▶ DATA:
-------------------------

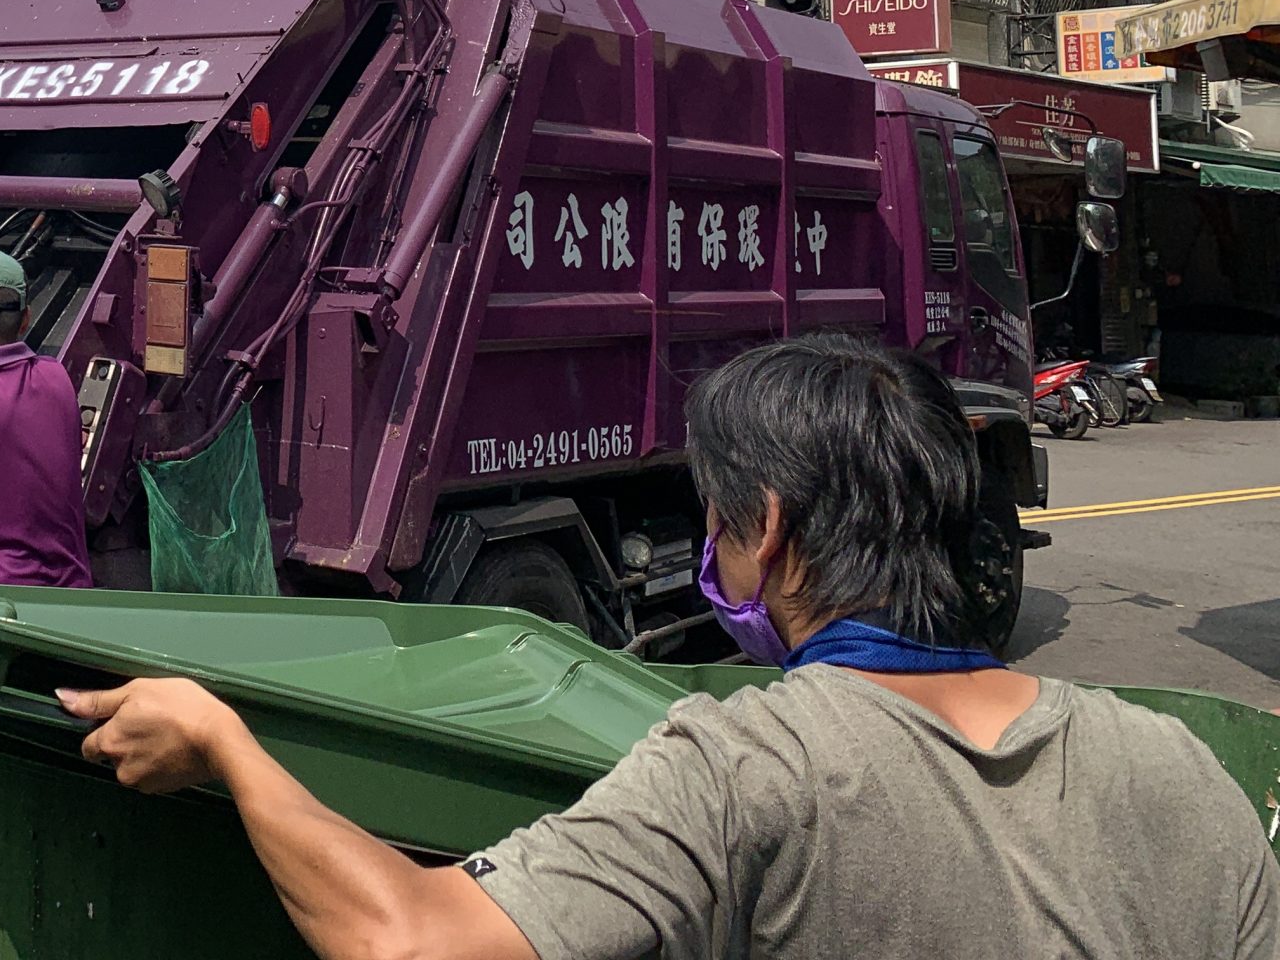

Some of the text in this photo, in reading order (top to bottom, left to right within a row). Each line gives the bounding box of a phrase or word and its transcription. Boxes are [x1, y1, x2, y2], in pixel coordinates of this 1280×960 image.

[868, 22, 896, 36] 資生堂
[1045, 95, 1076, 126] 佳芳
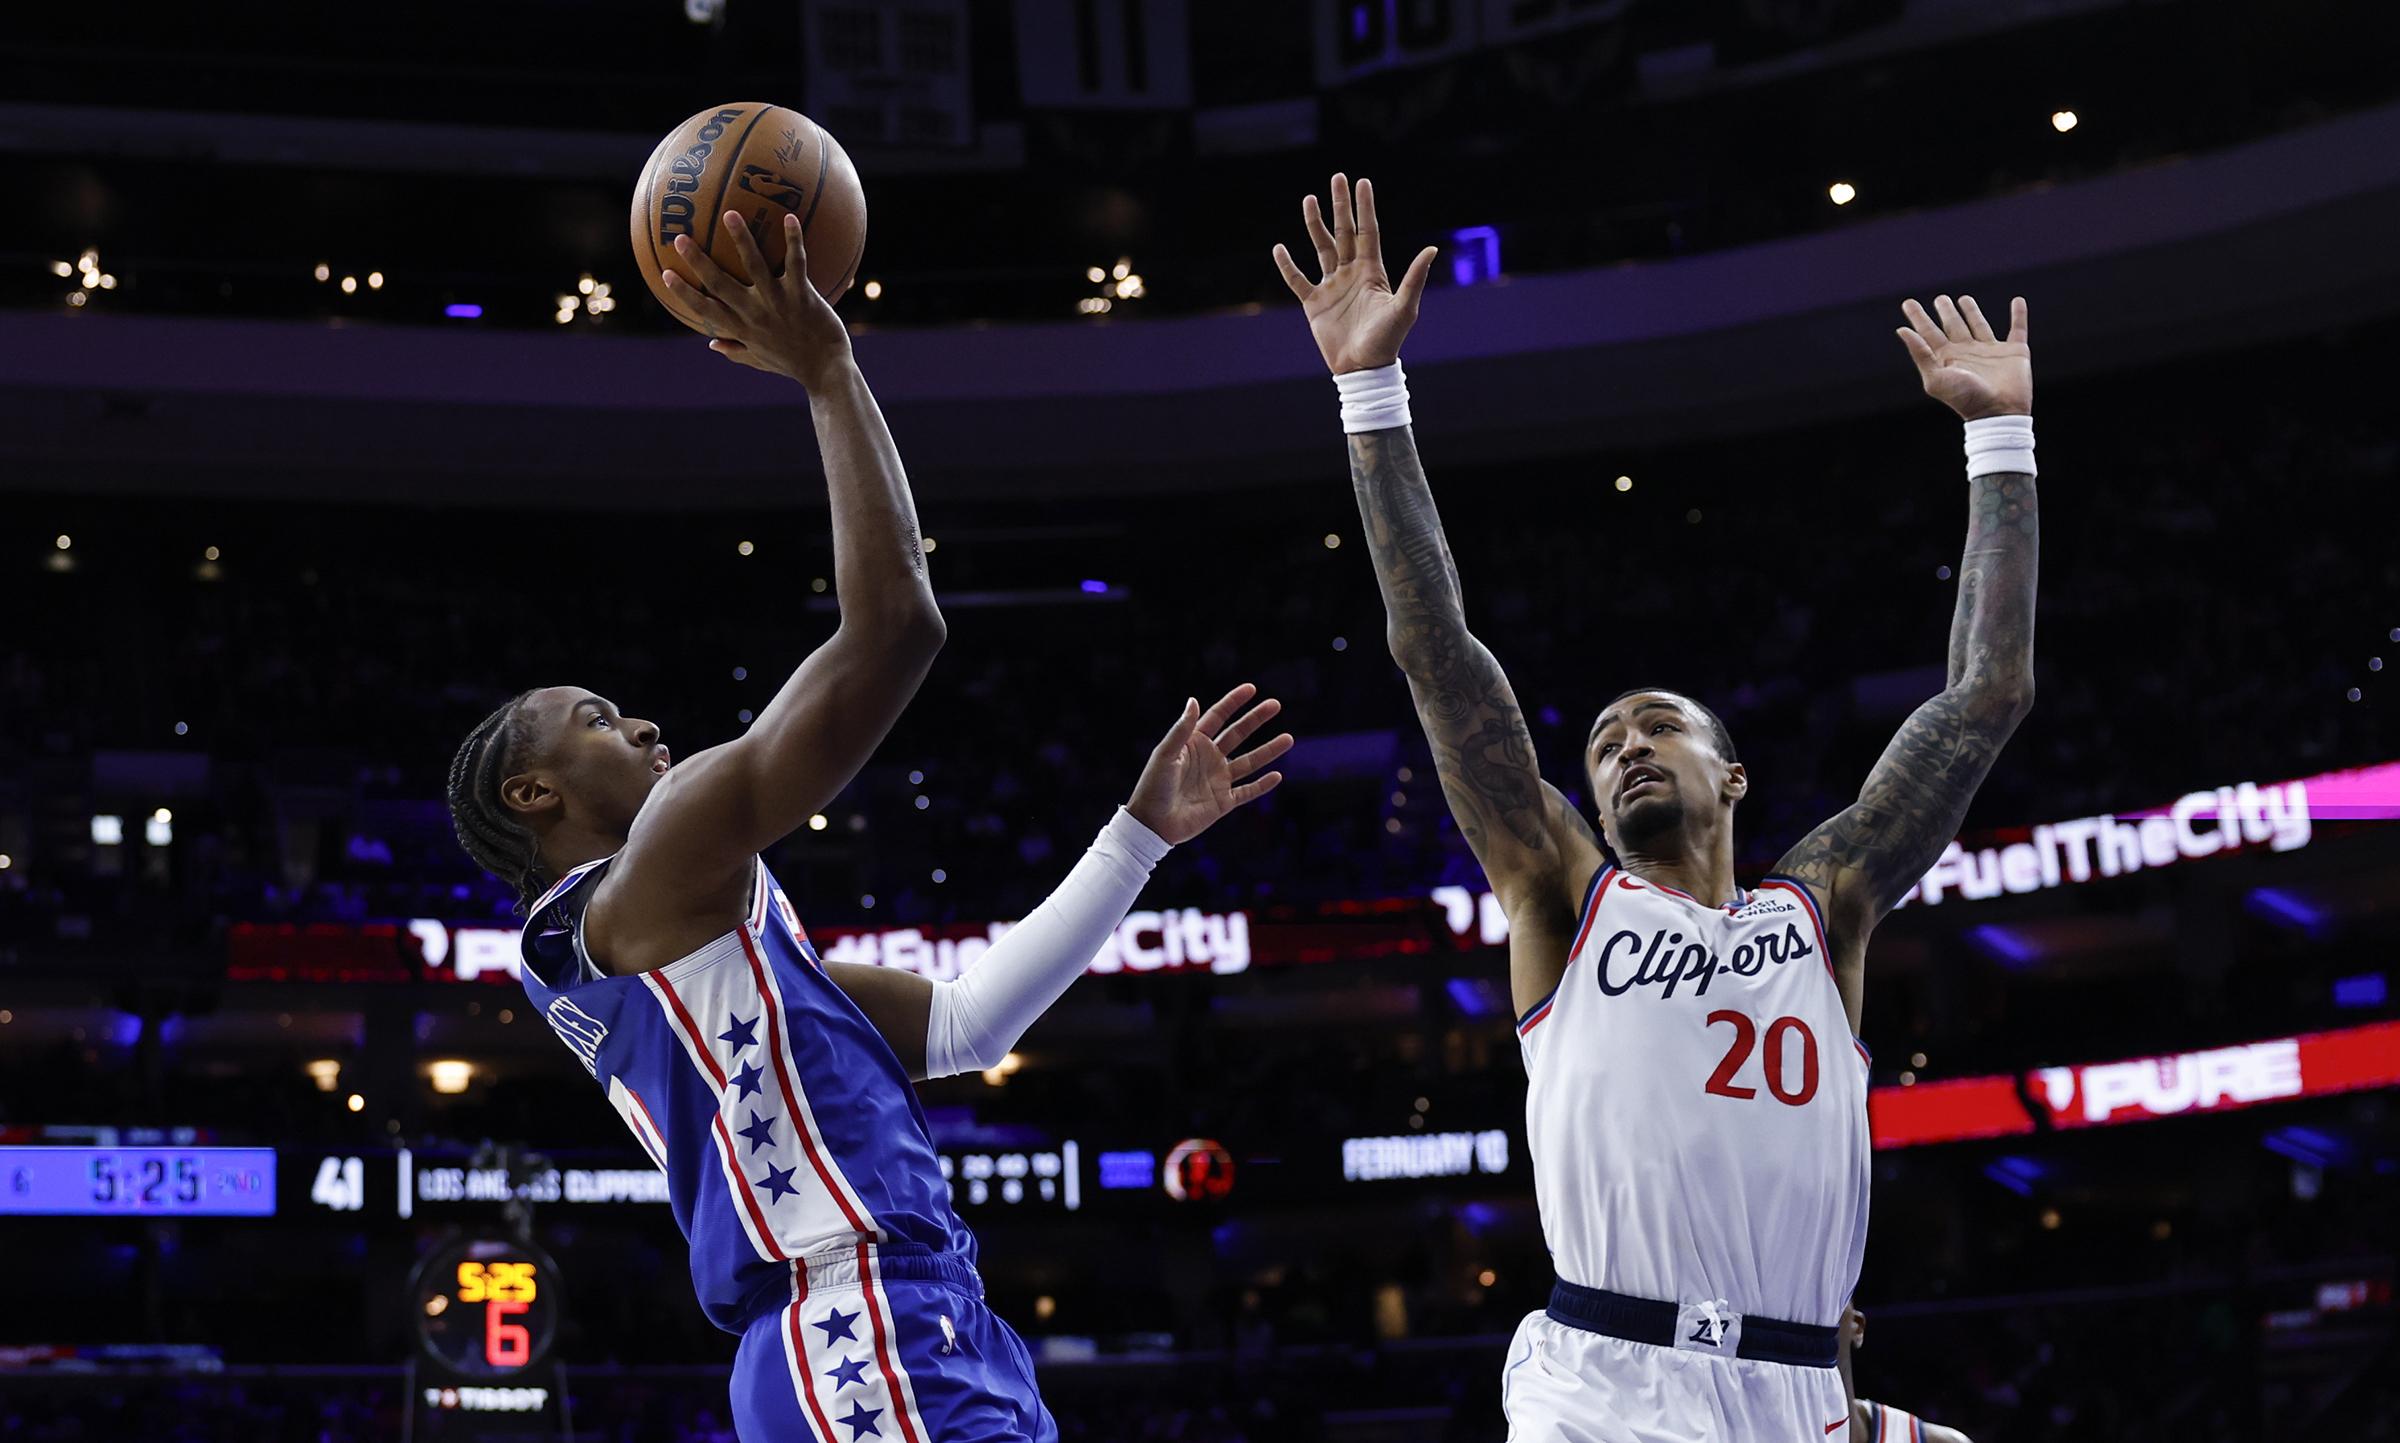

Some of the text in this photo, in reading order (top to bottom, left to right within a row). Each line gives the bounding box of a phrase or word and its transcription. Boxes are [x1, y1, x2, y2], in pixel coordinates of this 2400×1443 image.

[660, 109, 746, 246] Wilson
[1599, 923, 1812, 999] Clippers
[1705, 1010, 1819, 1106] 20
[2083, 1038, 2302, 1121] PURE
[93, 1157, 199, 1202] 5:25
[311, 1156, 363, 1211] 41
[419, 1168, 464, 1200] LOS
[457, 1262, 536, 1302] 5:25
[485, 1302, 530, 1366] 6
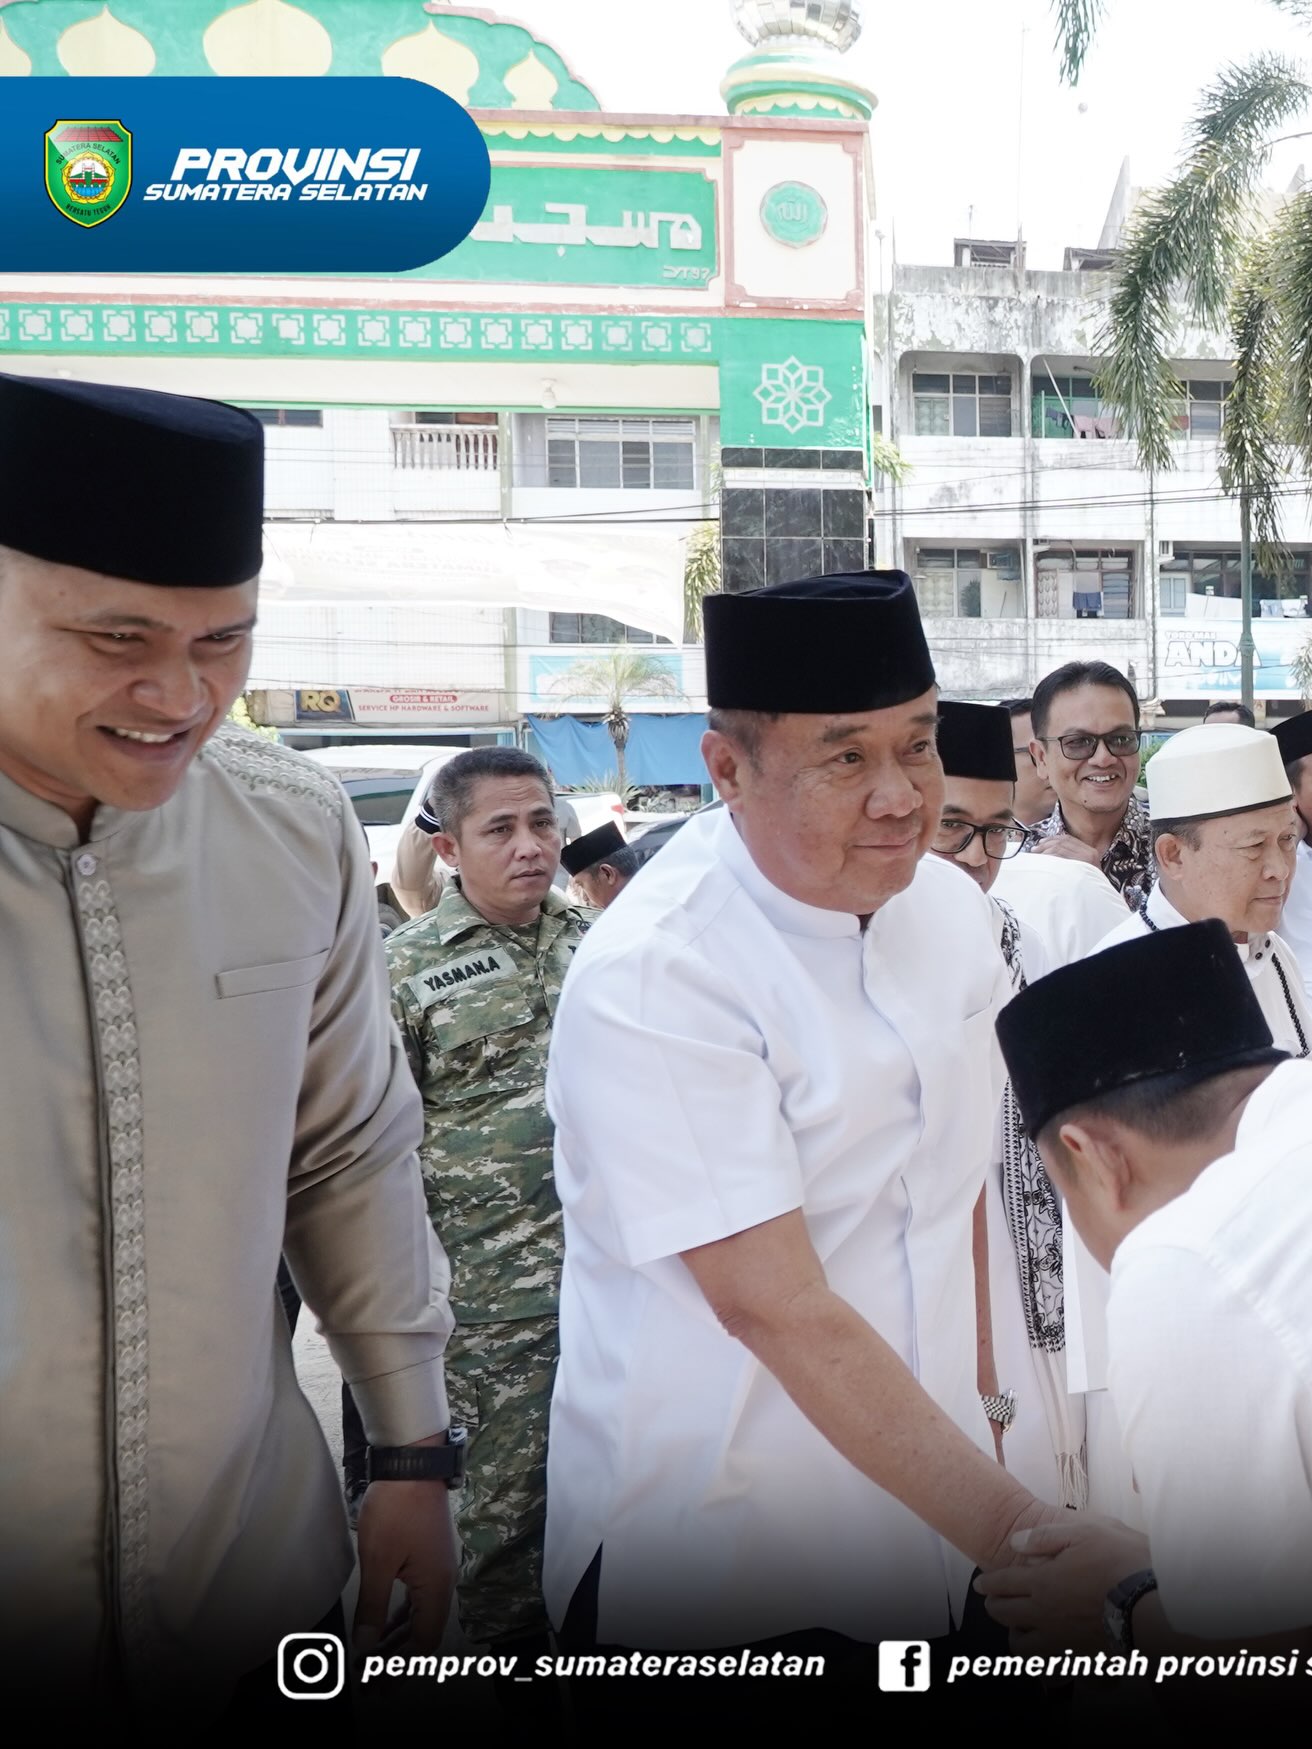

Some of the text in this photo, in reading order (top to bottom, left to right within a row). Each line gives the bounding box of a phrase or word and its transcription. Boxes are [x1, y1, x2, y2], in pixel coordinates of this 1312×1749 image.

[301, 689, 342, 713] RQ
[358, 704, 387, 712] SERVICE
[389, 704, 399, 712] HP
[401, 704, 442, 712] HARDWARE
[451, 704, 489, 712] SOFTWARE
[423, 956, 500, 992] YASMAN.A

-------------------------

▶ WHAT YOU WILL DO: Skip the pictures and reproduce all remaining entries exactly.

▶ PROBLEM SOLUTION:
Some of the text in this photo, in reading order (top to bottom, left to right within a row). Each line gives the bounding box of a phrase or word and its transcription. Boxes are [x1, y1, x2, y2], in pixel coordinates of this 1280×960 image.

[868, 22, 896, 36] 資生堂
[1045, 95, 1076, 126] 佳芳

Some of the text in this photo, in reading order (top to bottom, left to right within a row). Each line gives the bounding box of a phrase or word and its transcription. Boxes are [x1, y1, x2, y2], in pixel coordinates of this 2400×1443 image.

[660, 109, 746, 246] Wilson
[1599, 923, 1812, 999] Clippers
[1705, 1010, 1819, 1106] 20
[2083, 1038, 2302, 1121] PURE
[93, 1157, 199, 1202] 5:25
[311, 1156, 363, 1211] 41
[419, 1168, 464, 1200] LOS
[457, 1262, 536, 1302] 5:25
[485, 1302, 530, 1366] 6

Some of the text in this photo, in reading order (top to bottom, left to right within a row). Each line gives the bounding box of a phrase or word and its transcription. Boxes are [x1, y1, x2, y2], in pixel coordinates of this 1312×1749 image.

[301, 689, 342, 713] RQ
[358, 704, 387, 712] SERVICE
[389, 704, 399, 712] HP
[401, 704, 442, 712] HARDWARE
[451, 704, 489, 712] SOFTWARE
[423, 956, 500, 992] YASMAN.A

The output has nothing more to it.